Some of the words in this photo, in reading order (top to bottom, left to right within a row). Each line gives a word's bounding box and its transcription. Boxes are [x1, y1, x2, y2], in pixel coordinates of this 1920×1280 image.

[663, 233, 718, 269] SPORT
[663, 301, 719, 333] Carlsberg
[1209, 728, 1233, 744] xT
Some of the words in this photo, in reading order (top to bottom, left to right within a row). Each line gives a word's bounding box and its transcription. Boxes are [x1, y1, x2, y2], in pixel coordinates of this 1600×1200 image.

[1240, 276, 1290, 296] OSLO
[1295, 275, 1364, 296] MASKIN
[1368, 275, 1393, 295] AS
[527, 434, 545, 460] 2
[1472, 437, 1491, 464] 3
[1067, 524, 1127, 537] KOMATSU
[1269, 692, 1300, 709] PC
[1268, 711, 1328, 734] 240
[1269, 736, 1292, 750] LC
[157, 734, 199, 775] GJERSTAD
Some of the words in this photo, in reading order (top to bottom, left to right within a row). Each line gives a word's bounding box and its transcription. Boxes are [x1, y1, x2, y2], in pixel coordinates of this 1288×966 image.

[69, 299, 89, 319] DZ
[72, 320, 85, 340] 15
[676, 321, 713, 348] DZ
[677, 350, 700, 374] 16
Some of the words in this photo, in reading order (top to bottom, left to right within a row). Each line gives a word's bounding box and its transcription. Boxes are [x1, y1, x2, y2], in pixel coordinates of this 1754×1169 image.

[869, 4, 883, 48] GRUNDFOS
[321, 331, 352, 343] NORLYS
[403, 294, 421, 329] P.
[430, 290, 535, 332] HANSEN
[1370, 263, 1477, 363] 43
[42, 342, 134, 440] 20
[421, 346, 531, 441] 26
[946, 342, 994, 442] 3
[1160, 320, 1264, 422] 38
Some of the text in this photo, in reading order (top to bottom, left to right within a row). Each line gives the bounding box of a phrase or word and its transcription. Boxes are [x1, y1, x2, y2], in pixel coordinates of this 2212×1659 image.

• • • • • • •

* [Problem requirements]: Reproduce the full block of data exactly, omitting nothing.

* [The answer]:
Some of the words in this photo, in reading order (top to bottom, left to right within a row). Each line gives a word's bounding box and its transcription. Boxes are [x1, y1, x2, y2], in pixel coordinates of this 1920×1280 image.

[663, 233, 718, 269] SPORT
[663, 301, 719, 333] Carlsberg
[1209, 728, 1233, 744] xT
Some of the words in this photo, in reading order (top to bottom, left to right within a row). Each line gives a word's bounding box and its transcription. Boxes are [x1, y1, x2, y2], in pixel coordinates of this 1600×1200 image.

[1240, 276, 1290, 296] OSLO
[1295, 275, 1364, 296] MASKIN
[1368, 275, 1393, 295] AS
[527, 434, 545, 460] 2
[1472, 437, 1491, 464] 3
[1067, 524, 1127, 537] KOMATSU
[1269, 692, 1300, 709] PC
[1268, 711, 1328, 734] 240
[1269, 736, 1292, 750] LC
[157, 734, 199, 775] GJERSTAD
Some of the words in this photo, in reading order (top to bottom, left to right within a row). Each line gives a word's bounding box and its transcription. Boxes are [x1, y1, x2, y2], in pixel coordinates of this 1288×966 image.

[69, 299, 89, 319] DZ
[72, 320, 85, 340] 15
[676, 321, 713, 348] DZ
[677, 350, 700, 374] 16
Some of the words in this photo, in reading order (top to bottom, left to right within a row). Each line gives a word's bounding box and its transcription. Boxes are [x1, y1, x2, y2], in pixel coordinates of this 1754×1169 image.

[869, 4, 883, 48] GRUNDFOS
[321, 331, 352, 343] NORLYS
[403, 294, 421, 329] P.
[430, 290, 535, 332] HANSEN
[1370, 263, 1477, 363] 43
[42, 342, 134, 440] 20
[421, 346, 531, 441] 26
[946, 342, 994, 442] 3
[1160, 320, 1264, 422] 38
Some of the text in this photo, in reading order (top to bottom, left to right within a row). Each line gives the bounding box of a phrase or word and its transcription. Boxes are [x1, y1, x2, y2], in pixel coordinates of this 2212×1659 image.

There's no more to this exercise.